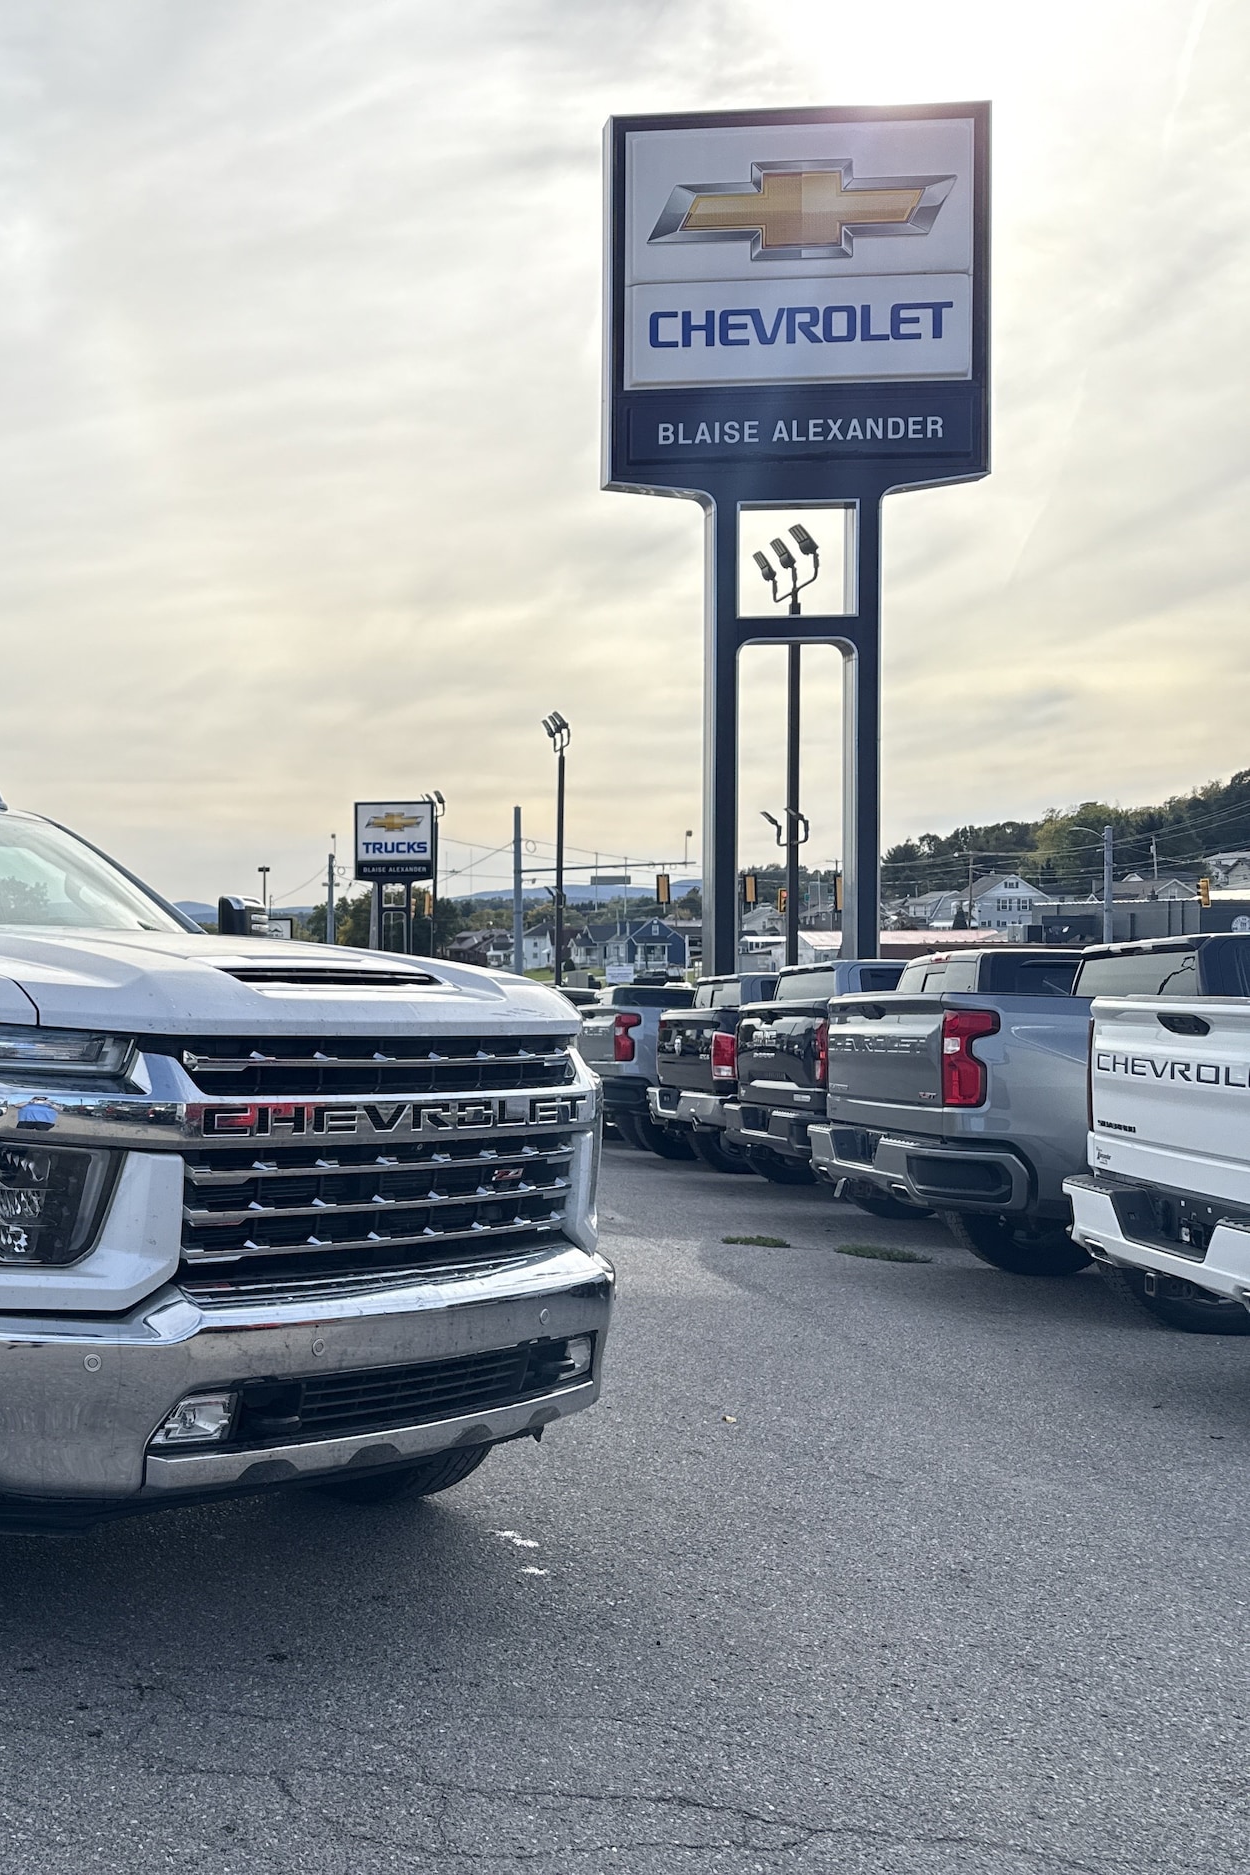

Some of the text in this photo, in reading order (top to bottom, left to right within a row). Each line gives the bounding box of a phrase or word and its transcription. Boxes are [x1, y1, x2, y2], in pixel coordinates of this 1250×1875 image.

[649, 301, 954, 348] CHEVROLET
[658, 416, 944, 445] BLAISE ALEXANDER
[362, 842, 427, 854] TRUCKS
[1097, 1053, 1250, 1089] CHEVROL
[202, 1095, 588, 1138] CHEVROLET
▬▬▬
- _What is expected_:
Write the records out once more, exactly as they appear, with no pictures.

- _Written answer_:
Some of the text in this photo, in reading order (top to bottom, left to right within a row). Each line gives the bounding box of a phrase or word and its transcription. Boxes are [x1, y1, x2, y2], in pixel coordinates of this 1250×1875 image.

[649, 301, 954, 348] CHEVROLET
[658, 416, 944, 445] BLAISE ALEXANDER
[362, 842, 427, 854] TRUCKS
[1097, 1053, 1250, 1089] CHEVROL
[202, 1095, 588, 1138] CHEVROLET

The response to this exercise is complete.